You can create a FTP Job Import from the Automation menu. This lets you load a CSV file from a FTP or SFTP server in a storage.
Using the Serenytics Python client to load a file or any Pandas dataframe

You can create Python scripts from the Automation menu. In these scripts, the serenytics module lets you load a file into a storage. You can also load a Pandas dataframe. This is useful when you need to achieve advanced computation and use the resulting storage in a dashboard (or as a source of another etl step/python script). You can also create a python script to load data from a source if Serenytics does not provide a plug&play connector ( e.g. for non standard REST API). You just need to obtain your data in Python and then store the result in a storage. Then, you can use this data in your dashboards.
Pushing messages

You can also push JSON messages into a storage calling the Serenytics REST API. If a field previously used (i.e. it exists in the current storage model) is not provided by a JSON message, it is set to a default value in the added row. If a field exists in a new JSON message but not in the current model, it will be added to your storage (and all existing rows will have the NULL value for this field).

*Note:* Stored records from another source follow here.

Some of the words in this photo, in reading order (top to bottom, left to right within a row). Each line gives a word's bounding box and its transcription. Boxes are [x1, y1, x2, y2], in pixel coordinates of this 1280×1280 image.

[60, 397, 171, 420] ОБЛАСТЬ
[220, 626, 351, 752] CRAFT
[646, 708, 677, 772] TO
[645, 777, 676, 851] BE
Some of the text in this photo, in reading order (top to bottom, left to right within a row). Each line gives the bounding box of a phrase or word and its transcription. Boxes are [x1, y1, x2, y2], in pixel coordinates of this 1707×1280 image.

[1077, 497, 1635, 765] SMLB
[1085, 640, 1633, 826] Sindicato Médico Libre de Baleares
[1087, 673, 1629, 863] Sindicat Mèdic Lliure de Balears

Tip: how to push a message in a Storage with curl

Use: curl -d '{"key":"msg1", "key2":"msg2"}' -H "Content-Type: application/json" -X POST STORAGE_URL

where you need to replace STORAGE_URL by the actual push url of your data source. It is available in the configuration page of your storage, in the field Url. It looks like https://api.serenytics.com/api/data_source/13350b52-68d9-4590-8eed-e3c9ac70c583/push/3d6b284710213ae38a40348d2cf5c944a204fa59.

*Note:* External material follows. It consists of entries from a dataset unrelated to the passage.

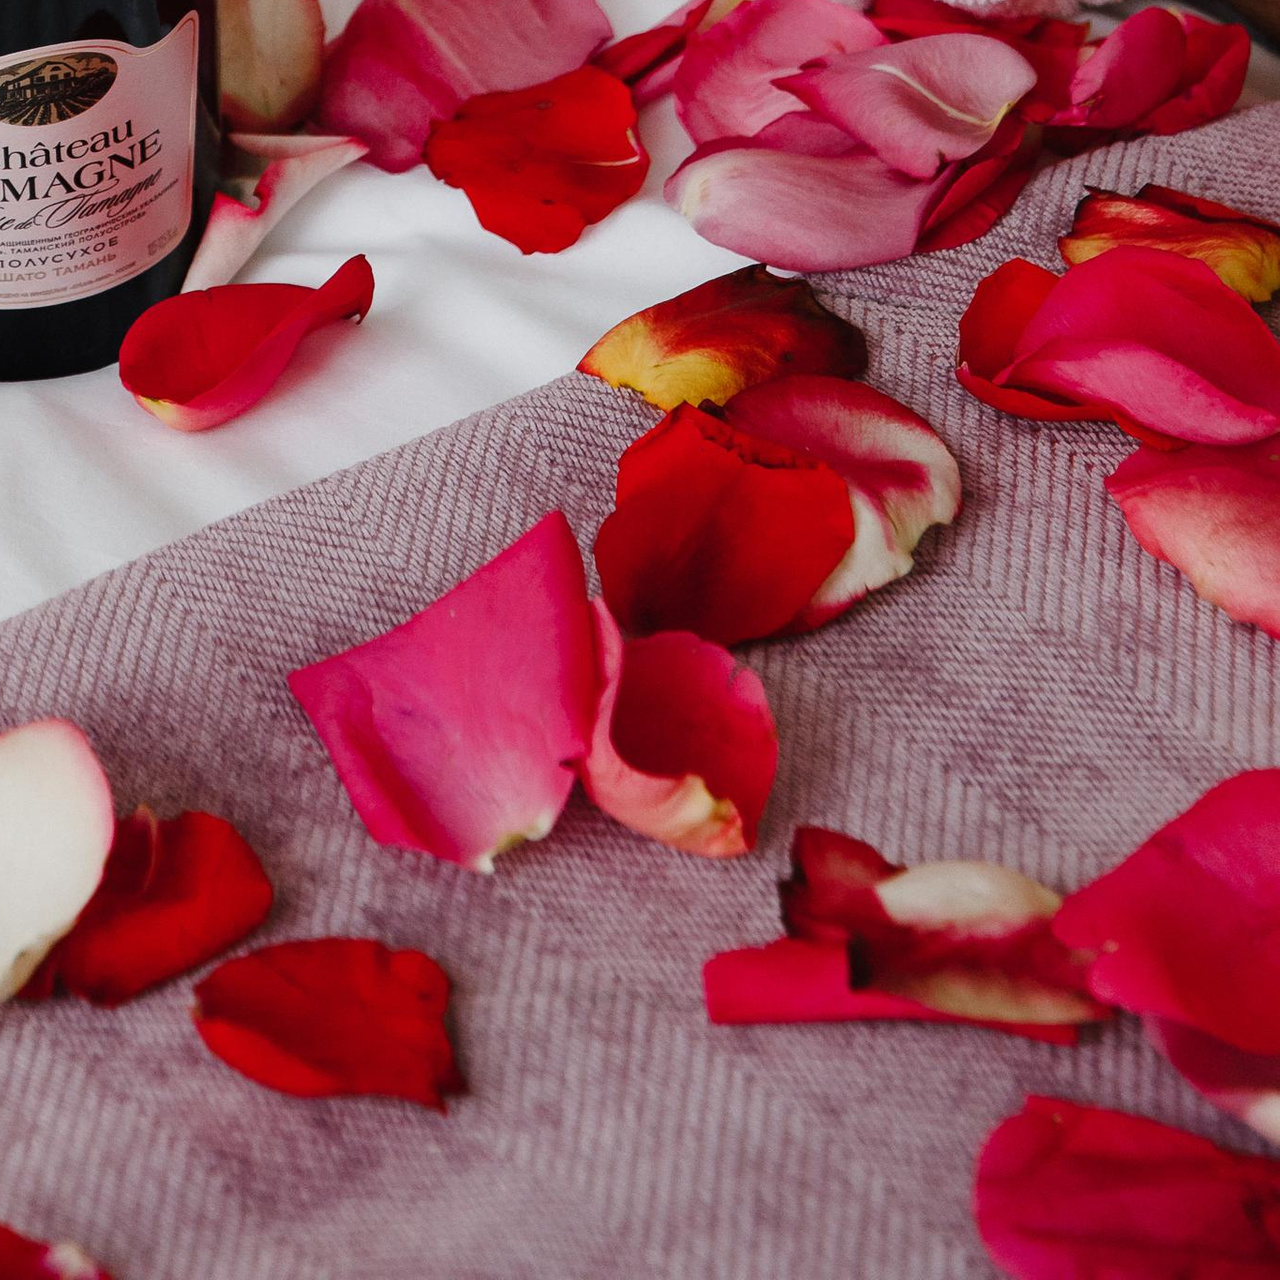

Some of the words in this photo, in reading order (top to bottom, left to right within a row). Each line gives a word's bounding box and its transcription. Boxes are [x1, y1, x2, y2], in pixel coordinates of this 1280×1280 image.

[34, 167, 163, 230] Tamagne
[10, 240, 75, 255] ТАМАНСКИЙ
[52, 253, 117, 278] ТАМАНЬ
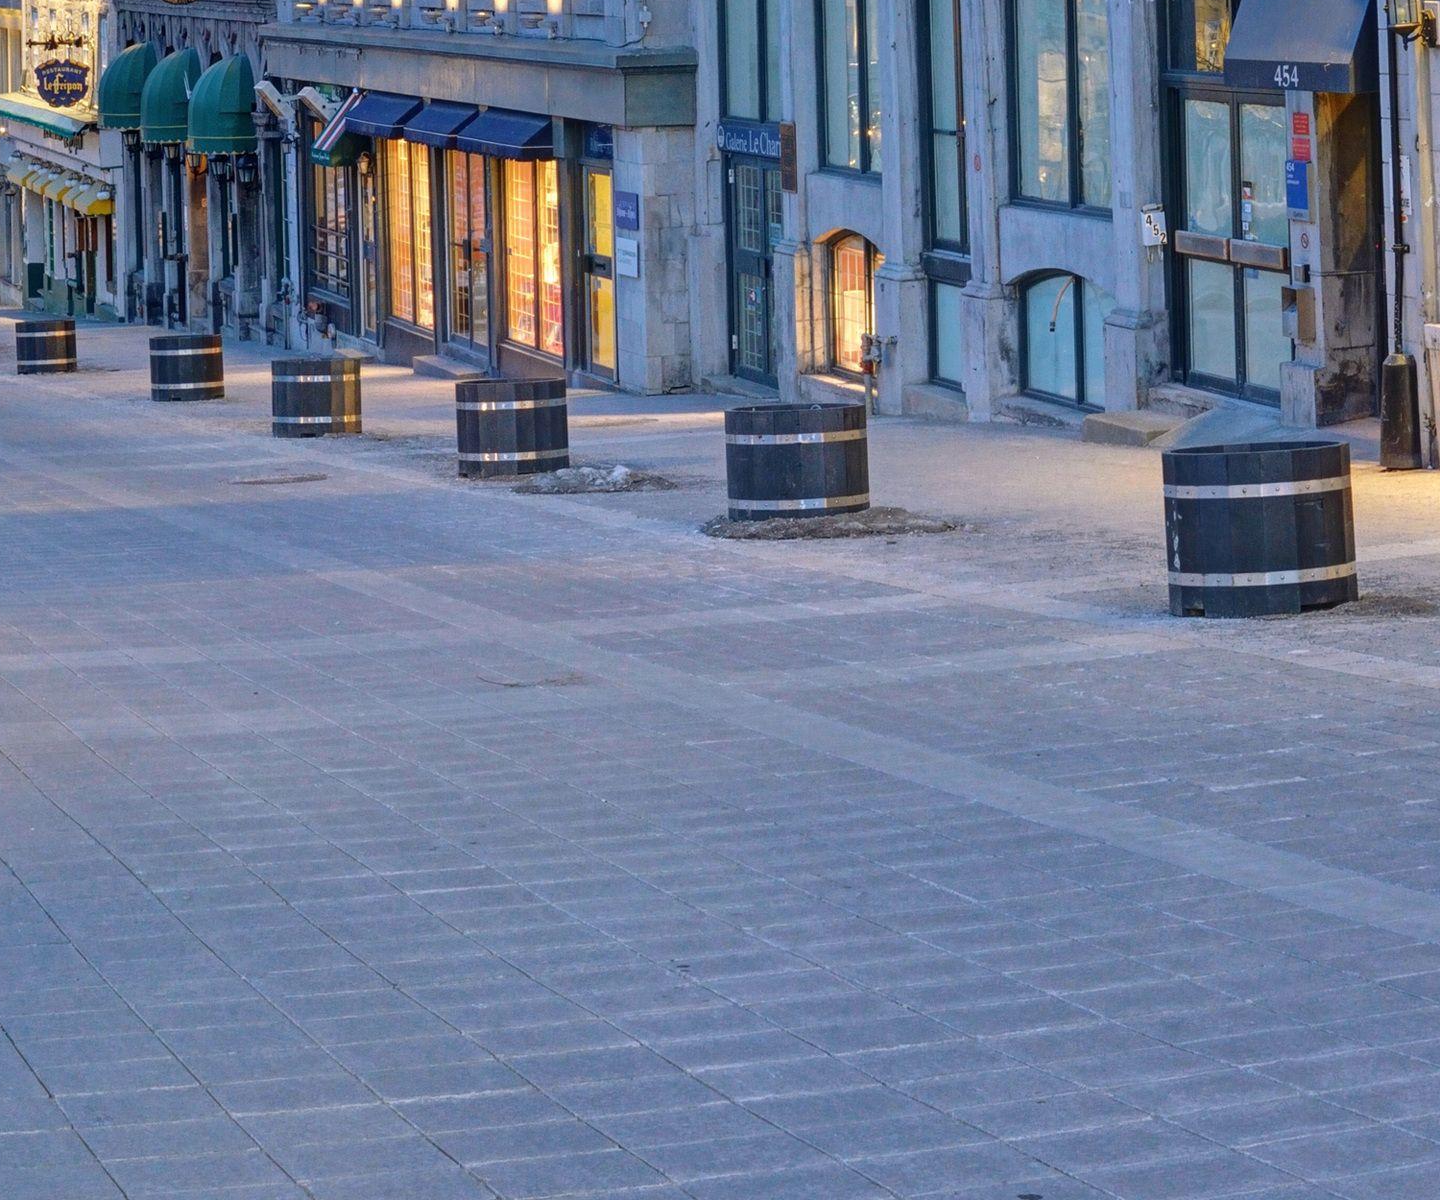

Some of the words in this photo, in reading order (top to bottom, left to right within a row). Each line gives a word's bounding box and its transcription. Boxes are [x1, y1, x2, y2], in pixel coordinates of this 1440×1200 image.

[1274, 65, 1300, 87] 454
[725, 132, 748, 152] Galerie
[749, 130, 760, 154] Le
[760, 131, 782, 158] Chari
[1145, 214, 1167, 244] 452

Of course, any similar HTTP POST done in any language will work.

Storage model¶

The model of a storage is the list of its columns and their types. By default, when you import a dataset in a storage, its model will be inferred (i.e. automatically generated) from the dataset. For example, if a column of a CSV file contains dates, the corresponding storage column will have the Datetime type. If a new CSV file is imported in the same storage, the model might be modified. For example, if a column in the new CSV file has the same name as in the previously loaded file, but instead of containing dates, it contains dates and strings, the storage column type will be changed from Datetime to String.

This is convenient to set up a project but it is risky in production as a dashboard (or another ETL step) might be using the fact that a Storage column has a particular type. To avoid this issue, we strongly advise you to use the Lock-model option when a storage is used in a production environment.

Lock-model option¶

When you enable this option on a storage, the model cannot be modified by any operation. We strongly advise you to enable this option once your dataflow is ready to be used in production.

To be precise, even if this option is enabled, you can still add new columns to your model. But any other operations such as modifying the type of an existing column or dropping a column will be refused.